Clark Art Institute Receives a Gift so Monumental It Requires a New Wing

The wide-ranging donation comes from a former board member, the late Aso O. Tavitian.

Jan van Eyck and workshop, Madonna and Child at the Fountain (ca. 1390-1441). Courtesy Clark Art Institute.

The Clark Art Institute, in Williamstown, Massachusetts, has received a gift of some 331 artworks by masters such as Gian Lorenzo Bernini, Jacques Louis David, Jan van Eyck, Jacopo da Pontormo, Peter Paul Rubens, and Elizabeth Louise Vigée-LeBrun. The gift comes from a former board member, the late Aso O. Tavitian. 

Museums tend to throw around words like “transformative” in press materials promoting major donations, but the adjective would seem highly fitting here, as the donation also includes $45 million to endow a curatorial position to oversee the collection and to fund a wing named for the donor, to be designed by Annabelle Selldorf, the go-to architect for museums. It is expected to be completed by 2028.

Selldorf has worked with the museum twice already, on a 2014 renovation of the museum galleries and a 2016 renovation of the public spaces in a study center there. (The gift also represents about a 3.3 percent increase in the size of the museum’s holdings, which currently number in the region of 10,000 objects, according to a press representative.)

A self-portrait of a woman in dark jacket and a red head wrap against a dark background

Elizabeth Louise Vigée LeBrun, Self Portrait in Studio Costume (1800). Courtesy Clark Art Institute.

The works in the gift, which focuses on masters of Western art and to some degree on portraiture, span the Renaissance to the 19th century. They range from a Van Eyck Madonna, to a Jean-Honoré Fragonard painting of a subject with a love letter, to an elaborately decorated harp by an unknown maker. There are portraits by David and Rubens, and a Vigée Le Brun self-portrait. There are bronze sculptures of rearing horses by Fernandino Tacca and landscapes by Jan Brueghel the Elder and Meindert Hobbema. There’s a wax relief sculpture showing a game of leapfrog by Antoine François Gerard, and there’s much more.

an elaborately decorated antique harp

British, 19th century, Dital Harp (Harp Lute), ca. 1815. © Bruce M. White. Courtesy Clark Art Institute.

The gift harmonizes with the institution’s existing collection, which spans a similar time period, but will strengthen its holdings in the earlier part of that range and is more focused on sculpture.

“It is an incredible honor to receive this transformational gift,” said museum director Olivier Meslay in press materials. “During his lifetime, Aso Tavitian was a wonderful friend to the Clark and a generous supporter who provided us with exceptional leadership and dedication.”

A bronze sculpture of a man abducting a woman

Giovanni Francesco Susini, The Abduction of a Sabine Woman (1590-1600). Courtesy Clark Art Institute.

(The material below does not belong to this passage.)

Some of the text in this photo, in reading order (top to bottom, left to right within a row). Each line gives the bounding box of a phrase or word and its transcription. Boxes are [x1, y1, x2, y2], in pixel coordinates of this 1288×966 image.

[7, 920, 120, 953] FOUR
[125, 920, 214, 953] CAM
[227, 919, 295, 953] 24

The entirety of the gift will go on display in the new wing when it opens, and the majority of the paintings, sculpture, and decorative arts will remain on view continuously in the new and the existing galleries. The more fragile works on paper will be presented periodically and made available for study purposes.

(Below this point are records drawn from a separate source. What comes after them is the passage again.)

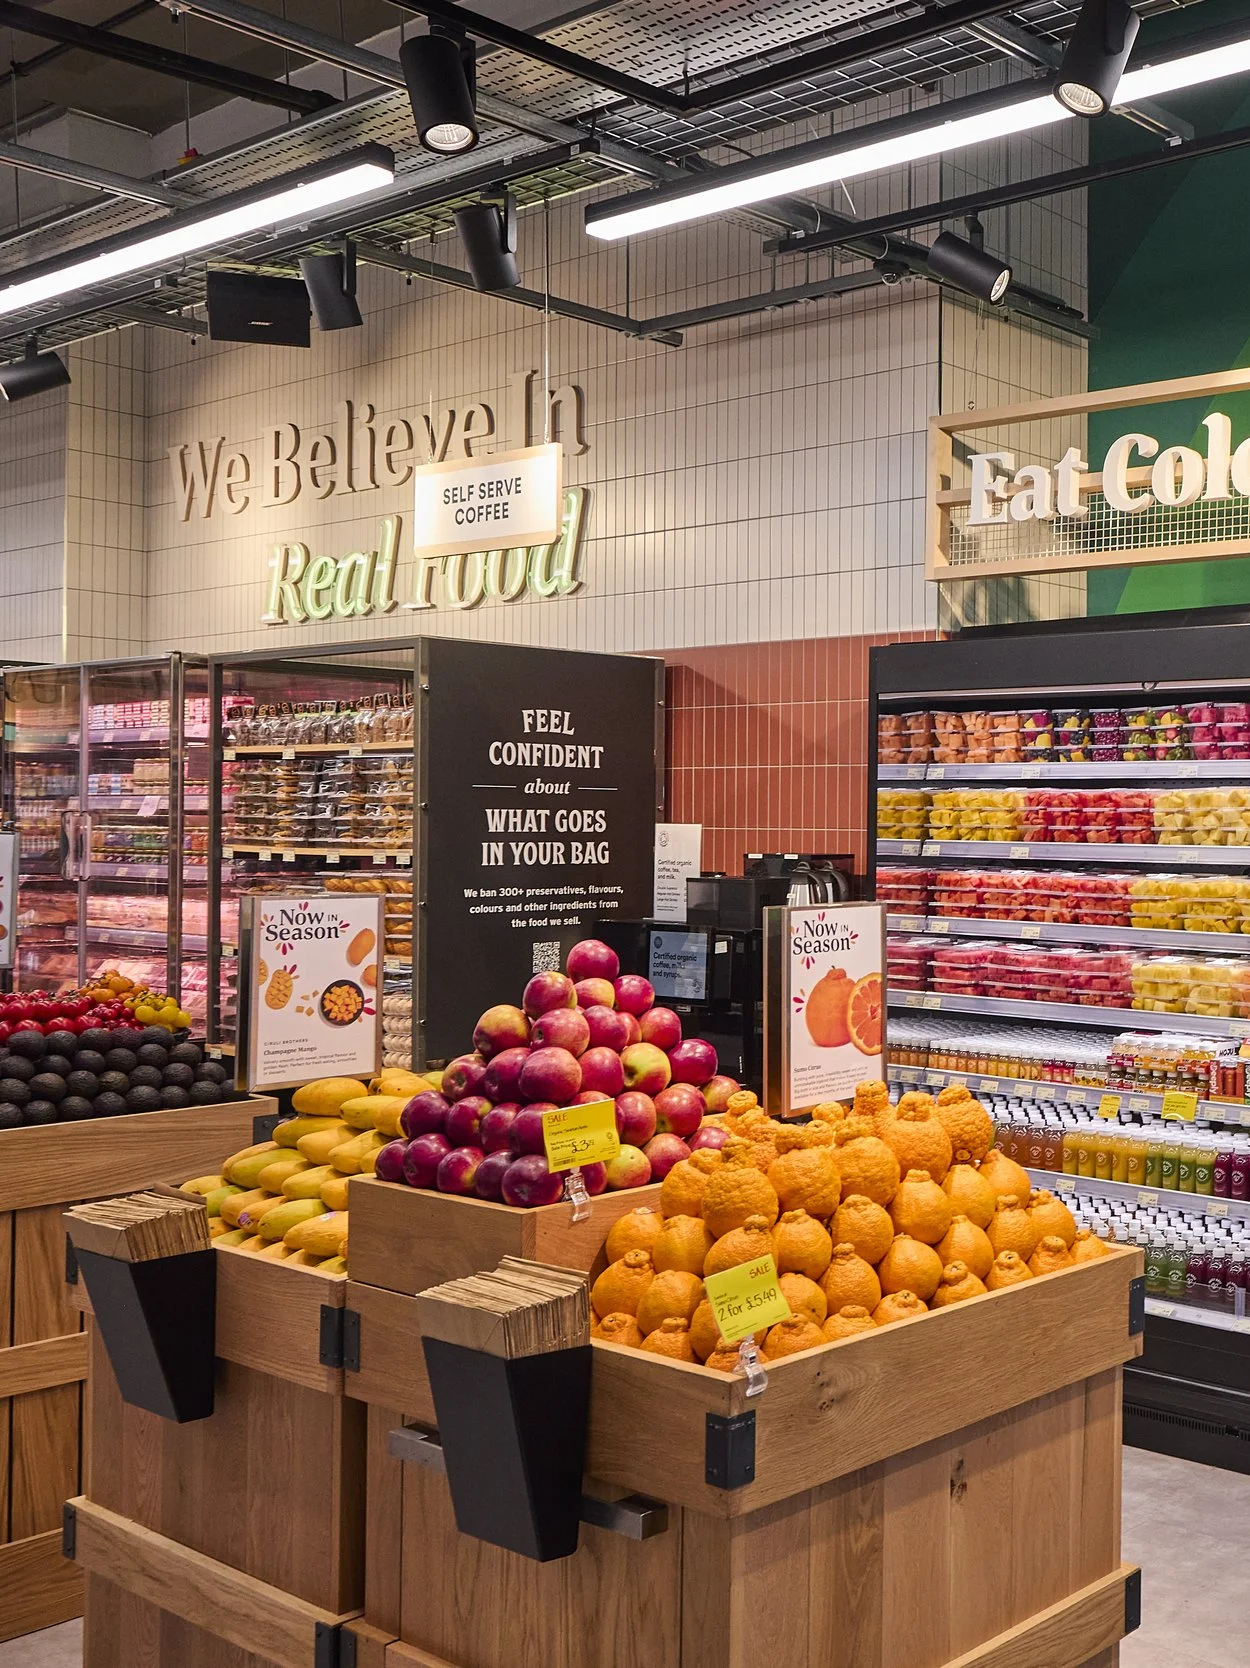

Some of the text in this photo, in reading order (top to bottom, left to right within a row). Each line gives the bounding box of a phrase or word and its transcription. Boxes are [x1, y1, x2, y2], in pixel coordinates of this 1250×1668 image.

[167, 370, 591, 521] We Believe In
[443, 477, 522, 505] SELF SERVE
[966, 447, 1088, 526] Eat
[454, 501, 510, 525] COFFEE
[262, 515, 401, 624] Real
[522, 709, 575, 735] FEEL
[489, 741, 604, 769] CONFIDENT
[524, 778, 571, 795] about
[485, 808, 607, 833] WHAT GOES
[481, 841, 610, 866] IN YOUR BAG
[464, 884, 624, 898] We ban 300+ preservatives, flavours,
[469, 899, 618, 914] colours and other ingredients from
[280, 909, 338, 926] Now IN
[511, 918, 526, 927] the
[528, 917, 547, 927] food
[563, 917, 581, 925] sell.
[265, 924, 340, 942] Season
[803, 920, 849, 938] Now IN
[792, 936, 850, 956] Season
[653, 952, 676, 961] Certified
[1219, 1047, 1234, 1057] MOJU
[547, 1112, 568, 1124] SALE
[749, 1262, 771, 1279] SALE
[717, 1307, 727, 1322] 2
[727, 1303, 742, 1317] for
[746, 1288, 777, 1310] £5.49
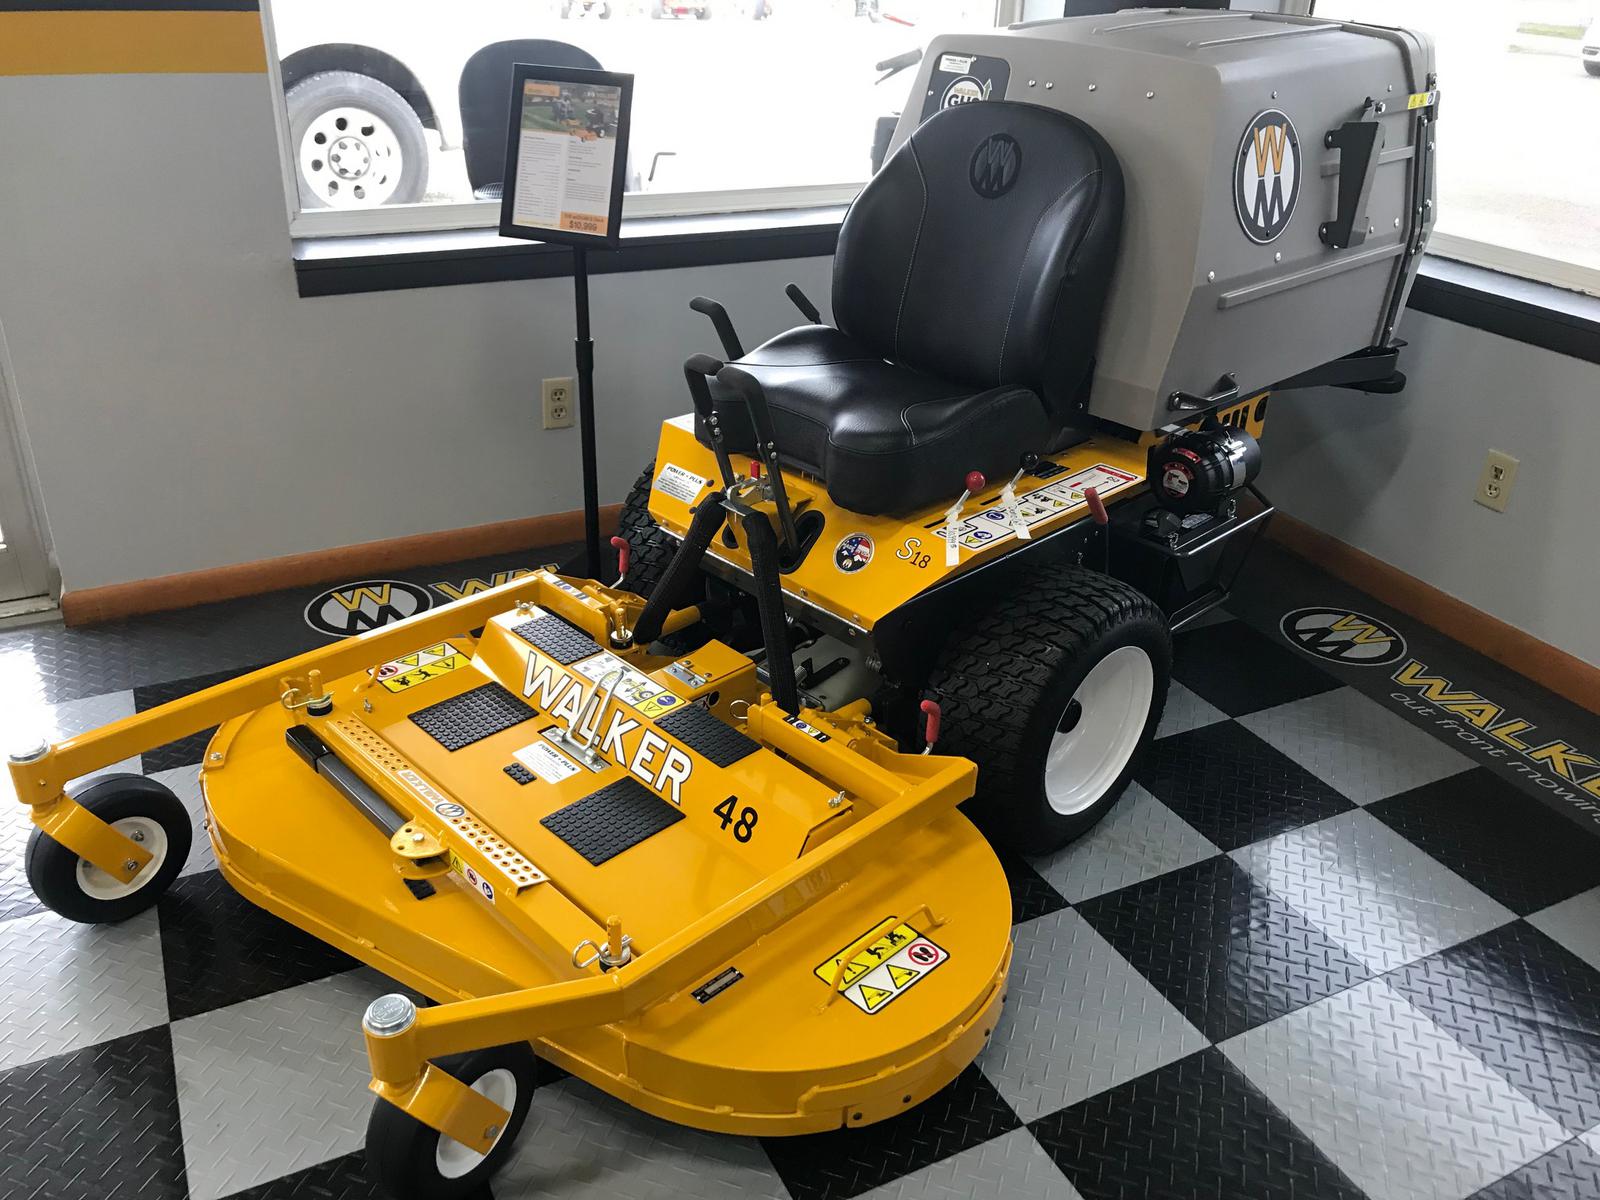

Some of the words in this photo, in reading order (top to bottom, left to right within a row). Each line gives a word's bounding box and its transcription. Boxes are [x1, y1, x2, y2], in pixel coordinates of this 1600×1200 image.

Tavitian’s biography reads like a truly American tale of the potential for immigrants to contribute to their adopted homes. A Cold War refugee, Tavitian was born in Bulgaria of Armenian descent and earned a master’s degree in nuclear engineering and at PhD in nuclear physics as a scholarship student at New York’s Columbia University.

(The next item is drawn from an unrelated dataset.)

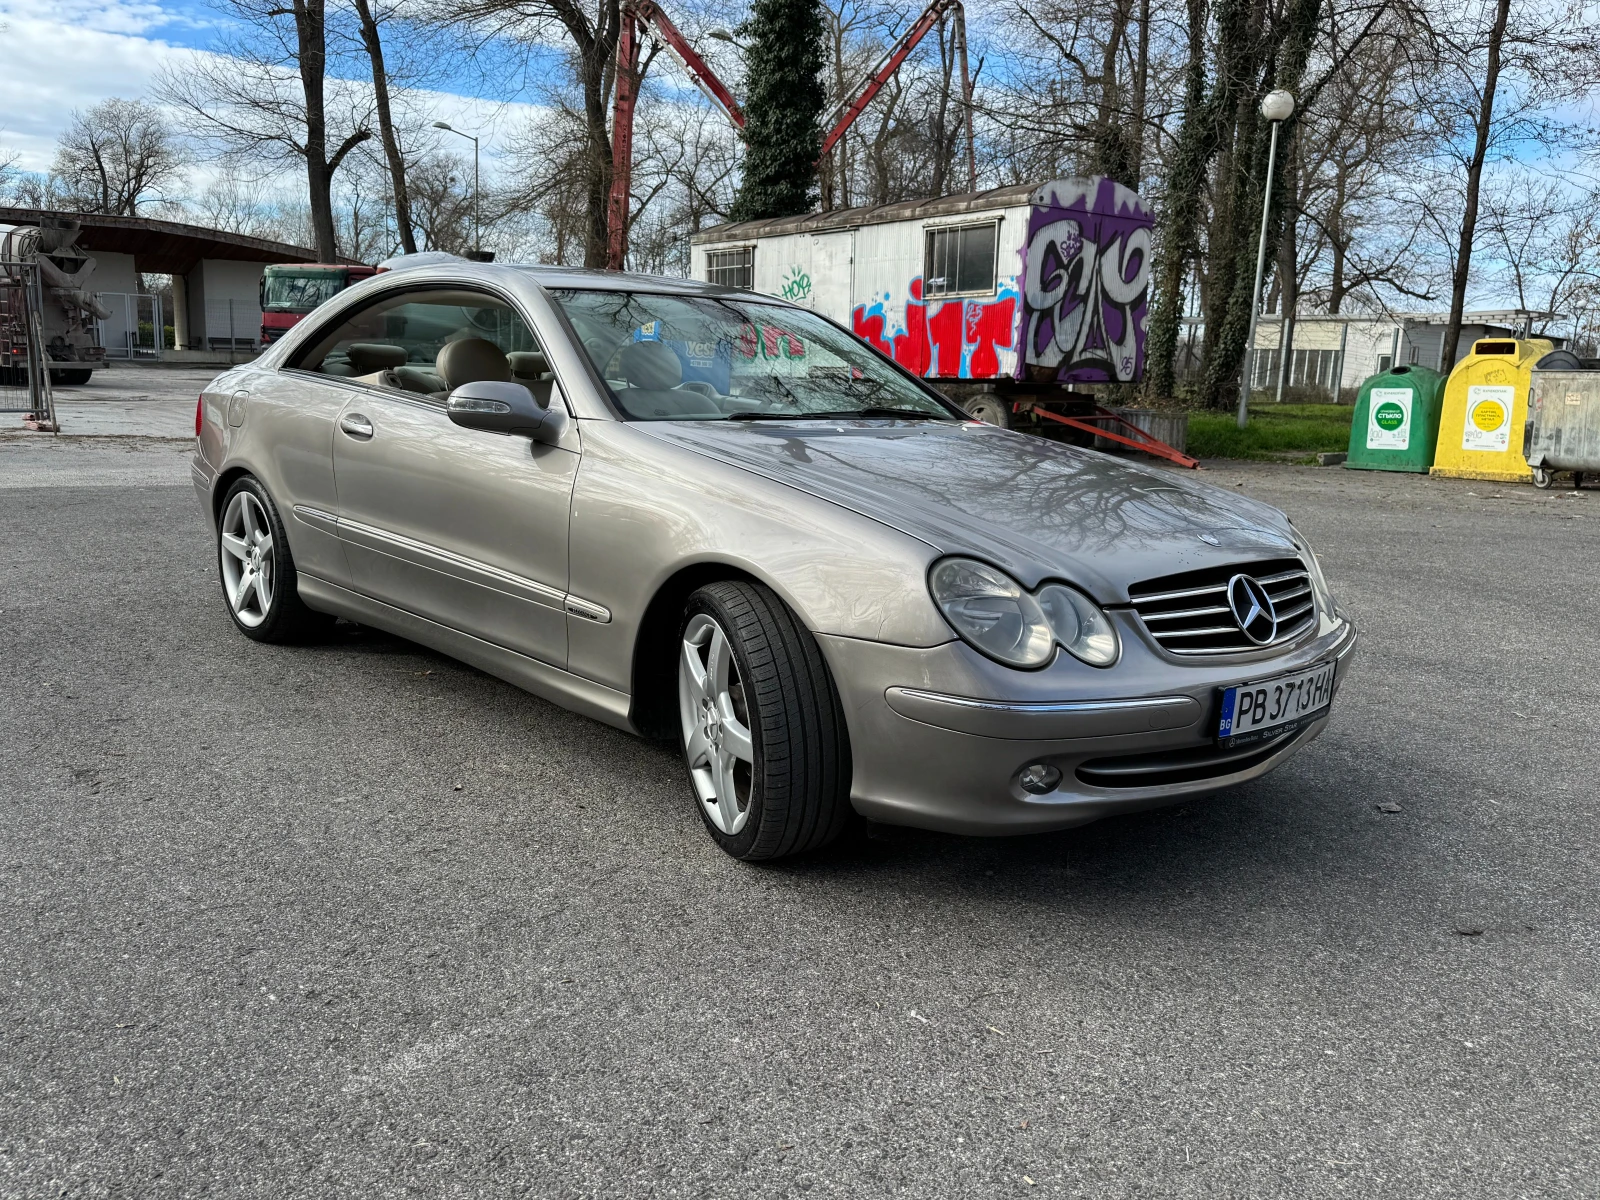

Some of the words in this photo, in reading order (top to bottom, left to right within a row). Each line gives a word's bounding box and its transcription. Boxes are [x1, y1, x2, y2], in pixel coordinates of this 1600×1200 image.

[1220, 718, 1232, 731] BG
[1262, 727, 1284, 739] SILVER
[1284, 722, 1299, 732] STAR

A wax relief sculpture with a number of nude figures playing leapfrog

Antoine-François Gerard, Game of Leap Frog (ca. 1780-89). © Bruce M. White. Courtesy Clark Art Institute.

He went on to serve as CEO of software development company Syncsort (now doing business as Precisely) from 1975 to 2008 after being one of its first employees. (Its original product, also called Syncsort, was the dominant sort program for IBM mainframe computers throughout much of the 1970s and ‘80s.)

A painting of a young man in dark clothes and a giant white collar against a dark background

Peter Paul Rubens, Portrait of a Young Man (ca. 1613-15). Courtesy Clark Art Institute.

Tavitian served on the museum’s board from 2006 to 2012 and had previously lent to exhibitions there. He also funded scholarship programs for students of Armenian and Bulgarian origin, and served on the boards of institutions including New York’s Frick Collection and a committee at New York’s Metropolitan Museum of Art.

“Aso Tavitian’s collection of Early Modern paintings, sculpture, decorative arts, and drawings is truly one of the finest in the world,” said Esther Bell, deputy director and chief curator. “In making this tremendous gift to the Clark, Aso ensured that the public will have access to these beautiful objects for future generations. We are eagerly anticipating the opportunity to share these works with our visitors.”